Text-to-region grounding data:
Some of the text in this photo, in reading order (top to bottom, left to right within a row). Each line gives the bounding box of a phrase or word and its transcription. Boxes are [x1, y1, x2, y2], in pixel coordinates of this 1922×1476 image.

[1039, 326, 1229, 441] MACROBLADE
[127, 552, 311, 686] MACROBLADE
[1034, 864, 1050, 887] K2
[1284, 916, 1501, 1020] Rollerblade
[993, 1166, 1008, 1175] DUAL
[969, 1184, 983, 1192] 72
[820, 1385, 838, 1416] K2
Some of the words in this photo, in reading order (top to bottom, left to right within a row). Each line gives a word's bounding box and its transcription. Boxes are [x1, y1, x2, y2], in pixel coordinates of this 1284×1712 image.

---

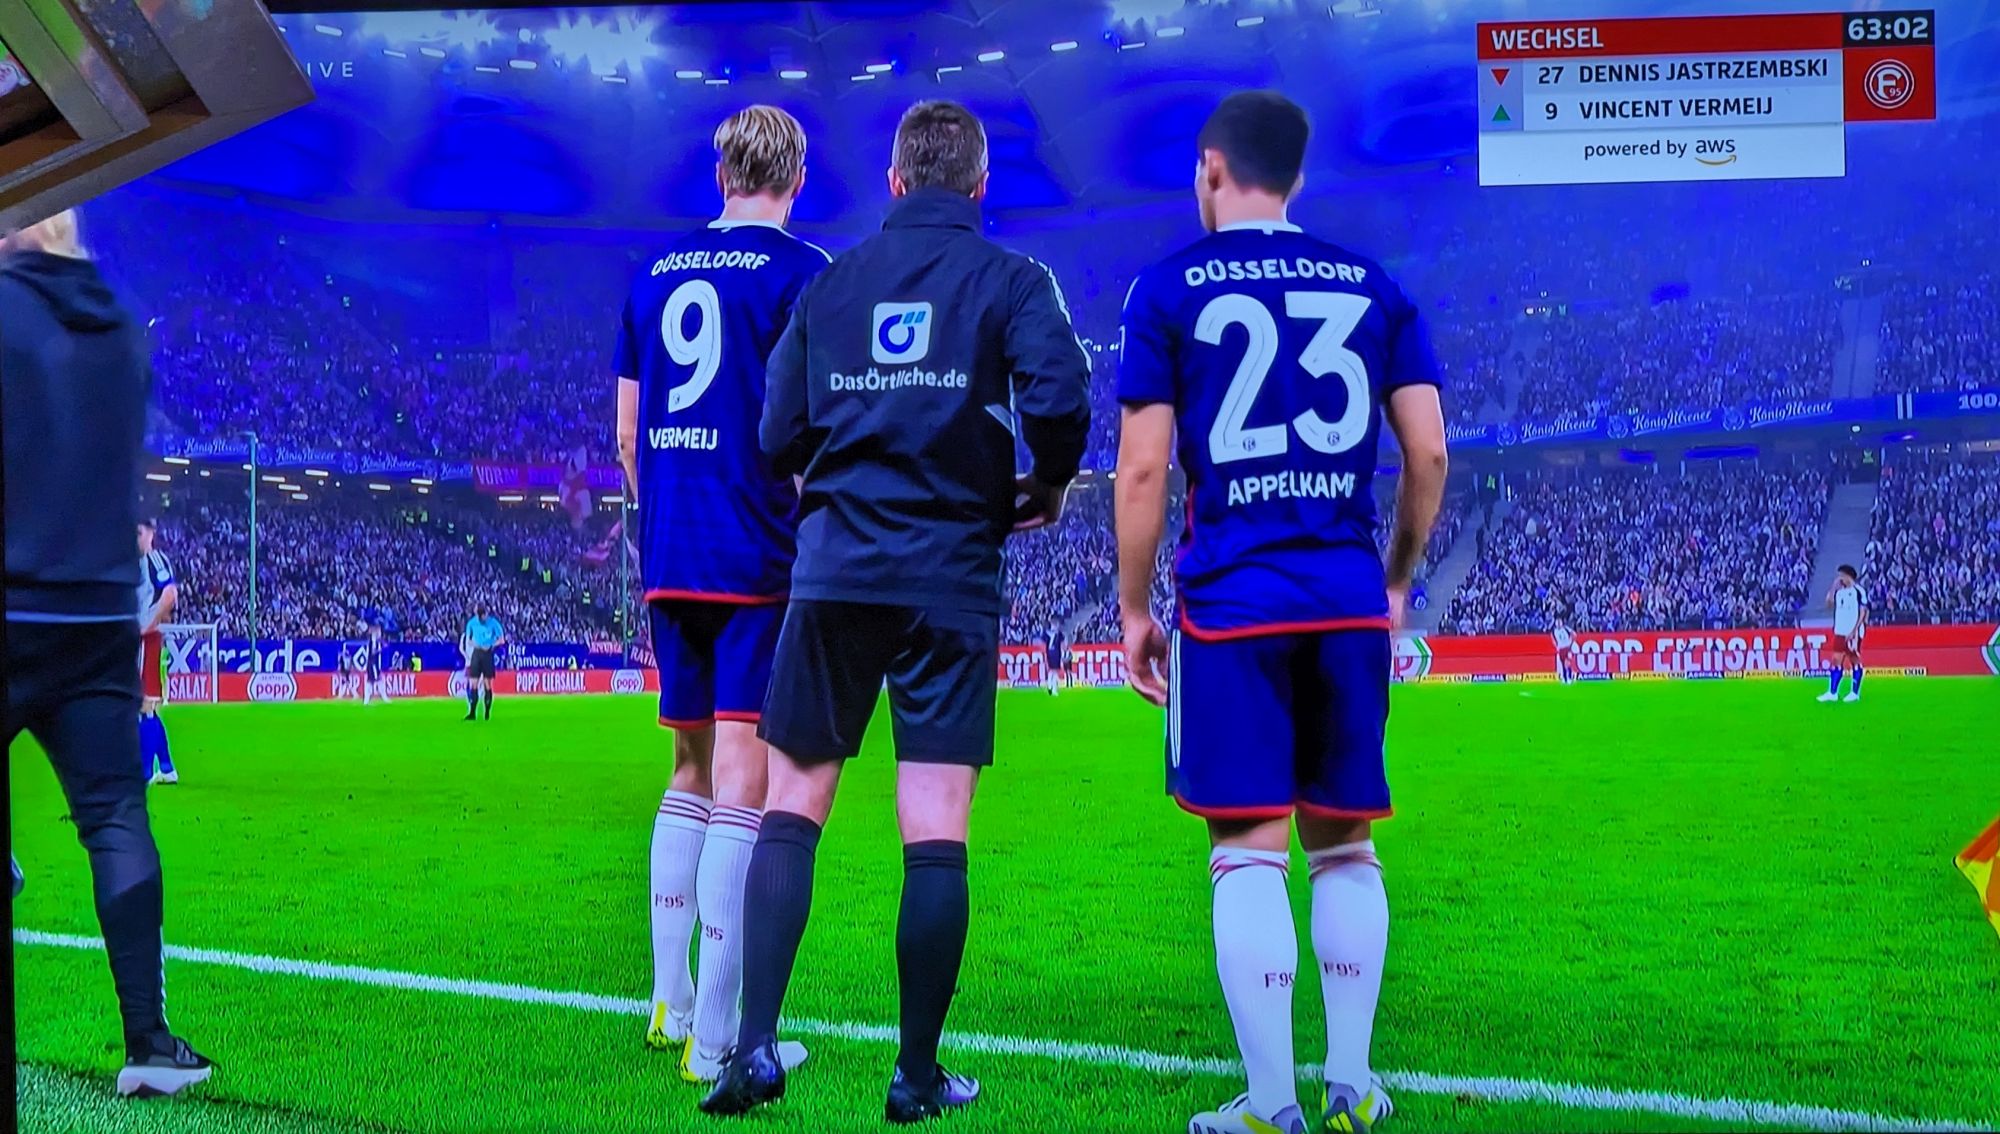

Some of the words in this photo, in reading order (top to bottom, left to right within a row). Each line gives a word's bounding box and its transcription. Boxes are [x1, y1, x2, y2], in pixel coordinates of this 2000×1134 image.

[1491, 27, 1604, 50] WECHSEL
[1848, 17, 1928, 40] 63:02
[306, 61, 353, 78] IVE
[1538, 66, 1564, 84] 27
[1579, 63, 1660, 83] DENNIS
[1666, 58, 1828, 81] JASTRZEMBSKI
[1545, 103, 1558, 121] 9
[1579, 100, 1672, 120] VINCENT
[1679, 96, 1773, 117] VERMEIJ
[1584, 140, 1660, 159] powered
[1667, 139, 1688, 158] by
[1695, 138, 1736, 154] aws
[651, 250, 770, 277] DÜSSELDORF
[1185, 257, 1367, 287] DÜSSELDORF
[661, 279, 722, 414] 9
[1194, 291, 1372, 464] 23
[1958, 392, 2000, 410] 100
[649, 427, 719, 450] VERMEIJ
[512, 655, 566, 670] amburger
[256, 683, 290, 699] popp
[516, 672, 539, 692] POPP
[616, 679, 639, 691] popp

What the task requires — What is needed is an exact copy of the lines above, from the one containing "Some of the text" through the one containing "this 1284×1712 image.", with nothing added.

Answer —
Some of the text in this photo, in reading order (top to bottom, left to right within a row). Each line gives the bounding box of a phrase or word and its transcription. Boxes are [x1, y1, x2, y2], in pixel coordinates of this 1922×1476 image.

[1039, 326, 1229, 441] MACROBLADE
[127, 552, 311, 686] MACROBLADE
[1034, 864, 1050, 887] K2
[1284, 916, 1501, 1020] Rollerblade
[993, 1166, 1008, 1175] DUAL
[969, 1184, 983, 1192] 72
[820, 1385, 838, 1416] K2
Some of the words in this photo, in reading order (top to bottom, left to right within a row). Each line gives a word's bounding box and its transcription. Boxes are [x1, y1, x2, y2], in pixel coordinates of this 1284×1712 image.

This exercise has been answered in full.